# WHAT YOU ARE ASKED TO DO
Retype the listing exactly as it stands, and keep every image out.

(DATA SHOWN begins)

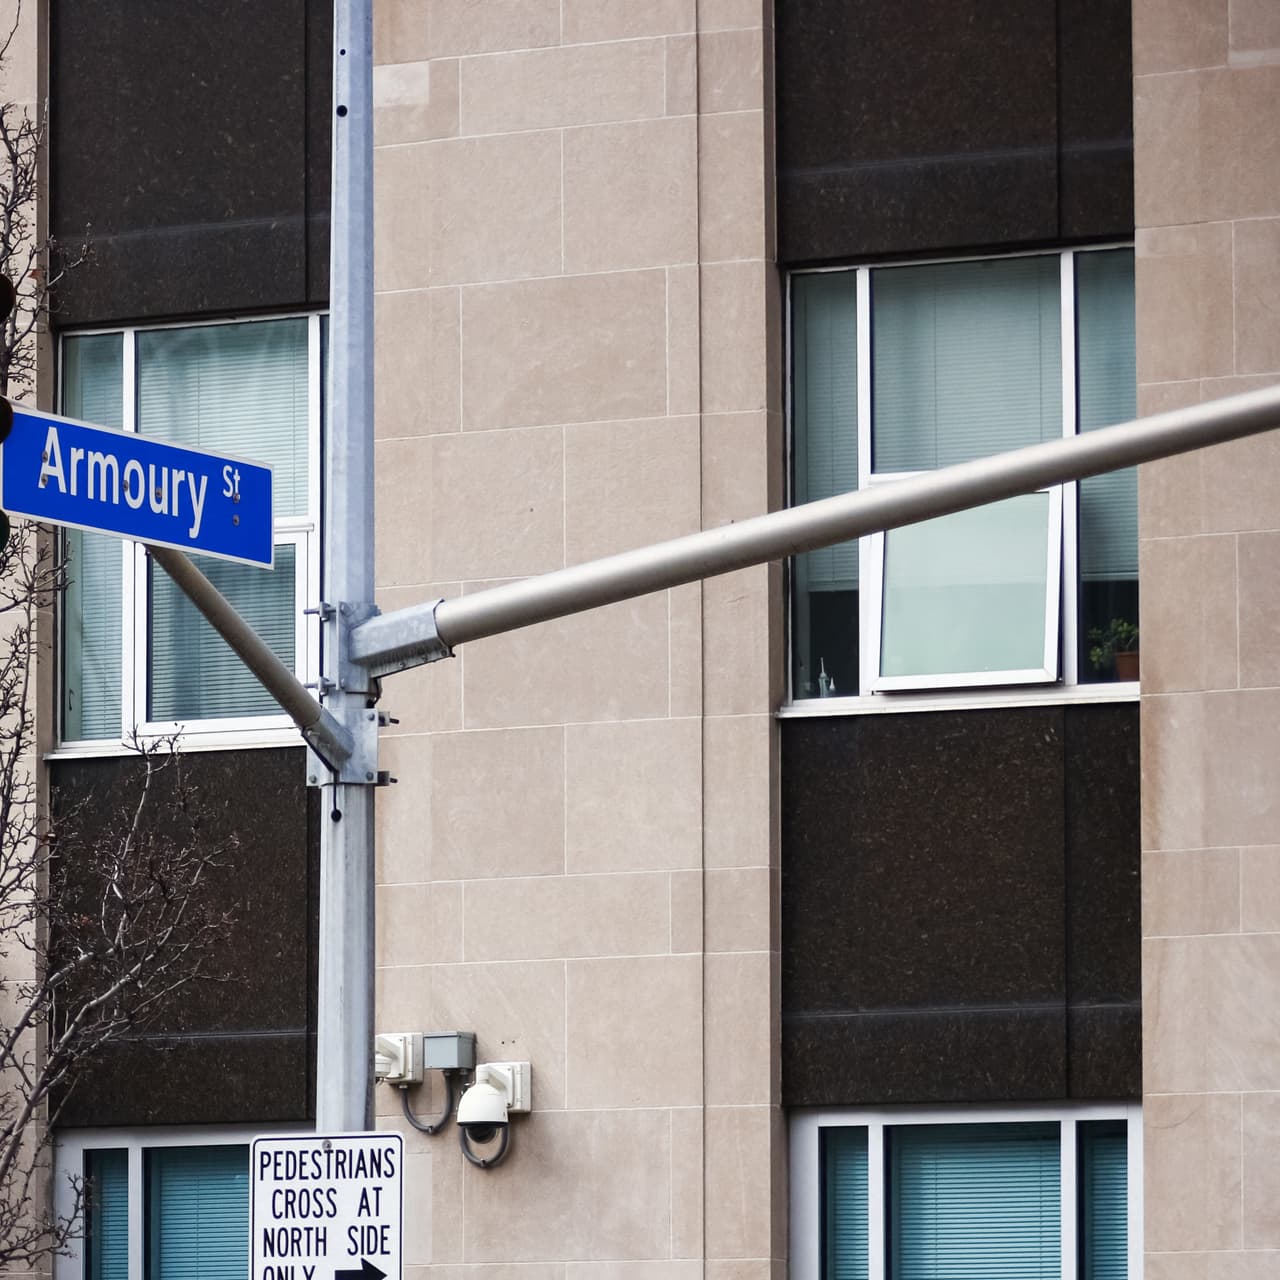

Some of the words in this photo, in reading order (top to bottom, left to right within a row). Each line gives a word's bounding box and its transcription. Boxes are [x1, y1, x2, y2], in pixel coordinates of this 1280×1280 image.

[38, 426, 208, 539] Armoury
[223, 464, 241, 501] St
[260, 1147, 395, 1181] PEDESTRIANS
[271, 1188, 338, 1219] CROSS
[357, 1186, 383, 1218] AT
[263, 1226, 328, 1258] NORTH
[346, 1225, 391, 1256] SIDE
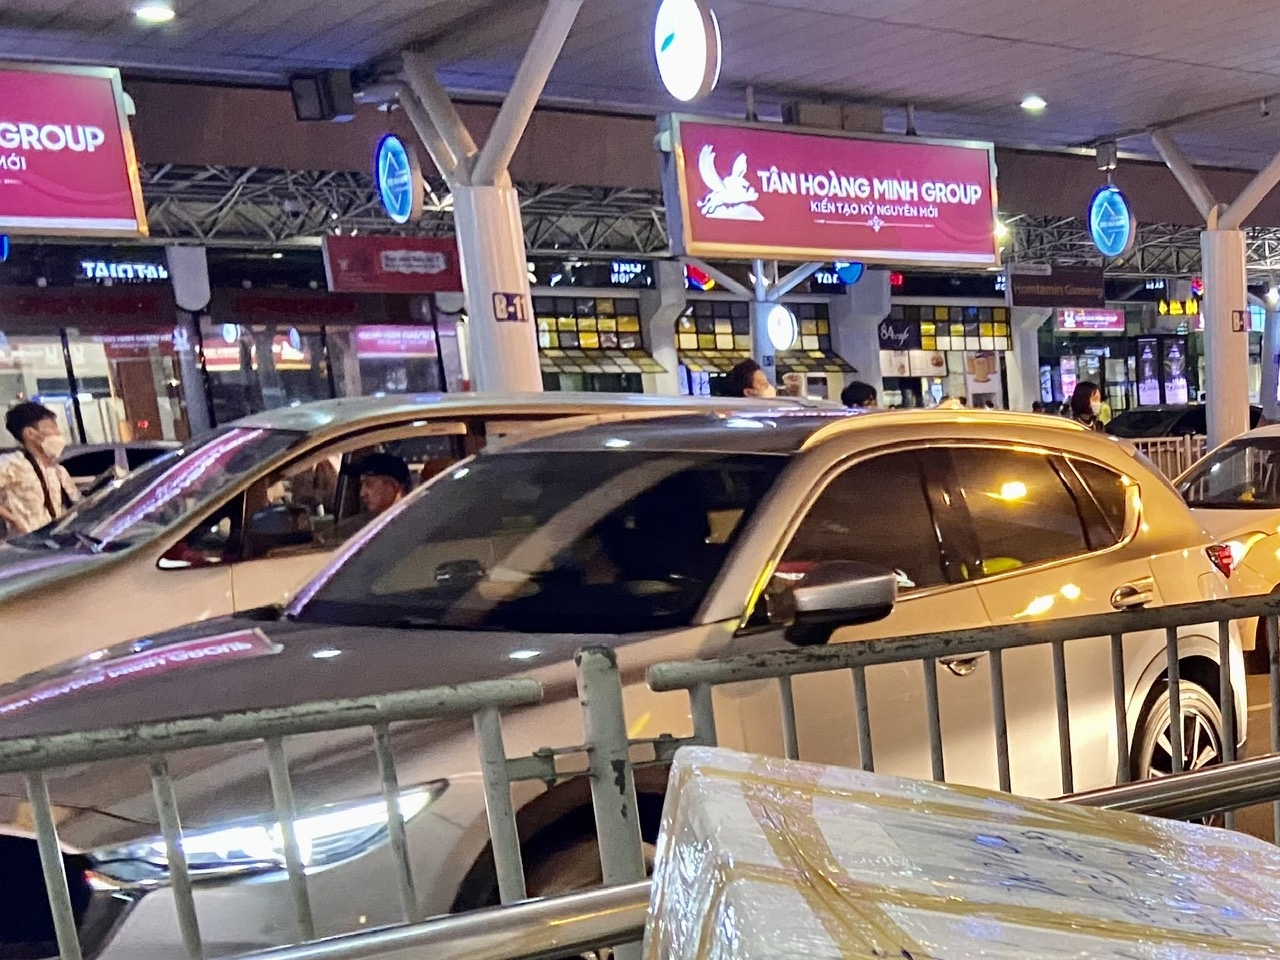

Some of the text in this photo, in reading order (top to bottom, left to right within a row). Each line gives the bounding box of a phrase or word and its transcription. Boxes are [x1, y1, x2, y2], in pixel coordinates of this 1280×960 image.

[0, 121, 105, 152] GROUP
[757, 165, 983, 206] TÂN HOÀNG MINH GROUP
[836, 202, 859, 217] TẠO
[876, 203, 918, 218] NGUYÊN
[919, 204, 939, 218] MỚI

(DATA SHOWN ends)

# SOLUTION TO THE PROBLEM
Some of the words in this photo, in reading order (top to bottom, left to right within a row). Each line gives a word's bounding box and its transcription. Boxes are [x1, y1, x2, y2], in pixel coordinates of this 1280×1280 image.

[38, 426, 208, 539] Armoury
[223, 464, 241, 501] St
[260, 1147, 395, 1181] PEDESTRIANS
[271, 1188, 338, 1219] CROSS
[357, 1186, 383, 1218] AT
[263, 1226, 328, 1258] NORTH
[346, 1225, 391, 1256] SIDE

Some of the text in this photo, in reading order (top to bottom, left to right within a row). Each line gives the bounding box of a phrase or word and its transcription. Boxes are [x1, y1, x2, y2], in pixel coordinates of this 1280×960 image.

[0, 121, 105, 152] GROUP
[757, 165, 983, 206] TÂN HOÀNG MINH GROUP
[836, 202, 859, 217] TẠO
[876, 203, 918, 218] NGUYÊN
[919, 204, 939, 218] MỚI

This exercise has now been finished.